Directions
Exactly reproduce the lines from the one holding "Some of the words" through the final line of the listing below, with both ends included and nothing else.

Data for this exercise
■ ■ ■ ■ ■
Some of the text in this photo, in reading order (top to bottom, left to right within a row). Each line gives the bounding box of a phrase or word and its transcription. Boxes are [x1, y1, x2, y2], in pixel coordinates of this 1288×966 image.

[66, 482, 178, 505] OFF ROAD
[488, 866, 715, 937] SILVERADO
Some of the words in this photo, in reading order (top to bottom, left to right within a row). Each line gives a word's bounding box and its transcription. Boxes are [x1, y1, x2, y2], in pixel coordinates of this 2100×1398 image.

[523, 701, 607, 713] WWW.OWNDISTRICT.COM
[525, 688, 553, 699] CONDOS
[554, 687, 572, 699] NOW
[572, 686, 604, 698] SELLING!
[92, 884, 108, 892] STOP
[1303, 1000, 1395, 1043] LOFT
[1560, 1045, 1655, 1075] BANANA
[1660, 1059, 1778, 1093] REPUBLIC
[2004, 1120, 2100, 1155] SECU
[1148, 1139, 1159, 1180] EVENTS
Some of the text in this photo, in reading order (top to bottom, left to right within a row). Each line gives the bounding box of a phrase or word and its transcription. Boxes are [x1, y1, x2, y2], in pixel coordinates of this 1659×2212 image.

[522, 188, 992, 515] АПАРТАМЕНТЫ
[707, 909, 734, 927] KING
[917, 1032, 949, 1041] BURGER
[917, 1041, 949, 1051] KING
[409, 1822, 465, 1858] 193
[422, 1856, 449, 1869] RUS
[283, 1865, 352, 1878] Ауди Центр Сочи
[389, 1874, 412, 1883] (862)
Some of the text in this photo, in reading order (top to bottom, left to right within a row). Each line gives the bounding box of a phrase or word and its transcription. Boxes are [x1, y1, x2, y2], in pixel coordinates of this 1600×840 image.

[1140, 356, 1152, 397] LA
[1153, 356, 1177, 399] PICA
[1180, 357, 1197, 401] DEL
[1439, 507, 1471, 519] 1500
■ ■ ■ ■ ■
Task solution
Some of the words in this photo, in reading order (top to bottom, left to right within a row). Each line gives a word's bounding box and its transcription. Boxes are [x1, y1, x2, y2], in pixel coordinates of this 2100×1398 image.

[523, 701, 607, 713] WWW.OWNDISTRICT.COM
[525, 688, 553, 699] CONDOS
[554, 687, 572, 699] NOW
[572, 686, 604, 698] SELLING!
[92, 884, 108, 892] STOP
[1303, 1000, 1395, 1043] LOFT
[1560, 1045, 1655, 1075] BANANA
[1660, 1059, 1778, 1093] REPUBLIC
[2004, 1120, 2100, 1155] SECU
[1148, 1139, 1159, 1180] EVENTS
Some of the text in this photo, in reading order (top to bottom, left to right within a row). Each line gives the bounding box of a phrase or word and its transcription. Boxes are [x1, y1, x2, y2], in pixel coordinates of this 1659×2212 image.

[522, 188, 992, 515] АПАРТАМЕНТЫ
[707, 909, 734, 927] KING
[917, 1032, 949, 1041] BURGER
[917, 1041, 949, 1051] KING
[409, 1822, 465, 1858] 193
[422, 1856, 449, 1869] RUS
[283, 1865, 352, 1878] Ауди Центр Сочи
[389, 1874, 412, 1883] (862)
Some of the text in this photo, in reading order (top to bottom, left to right within a row). Each line gives the bounding box of a phrase or word and its transcription. Boxes are [x1, y1, x2, y2], in pixel coordinates of this 1600×840 image.

[1140, 356, 1152, 397] LA
[1153, 356, 1177, 399] PICA
[1180, 357, 1197, 401] DEL
[1439, 507, 1471, 519] 1500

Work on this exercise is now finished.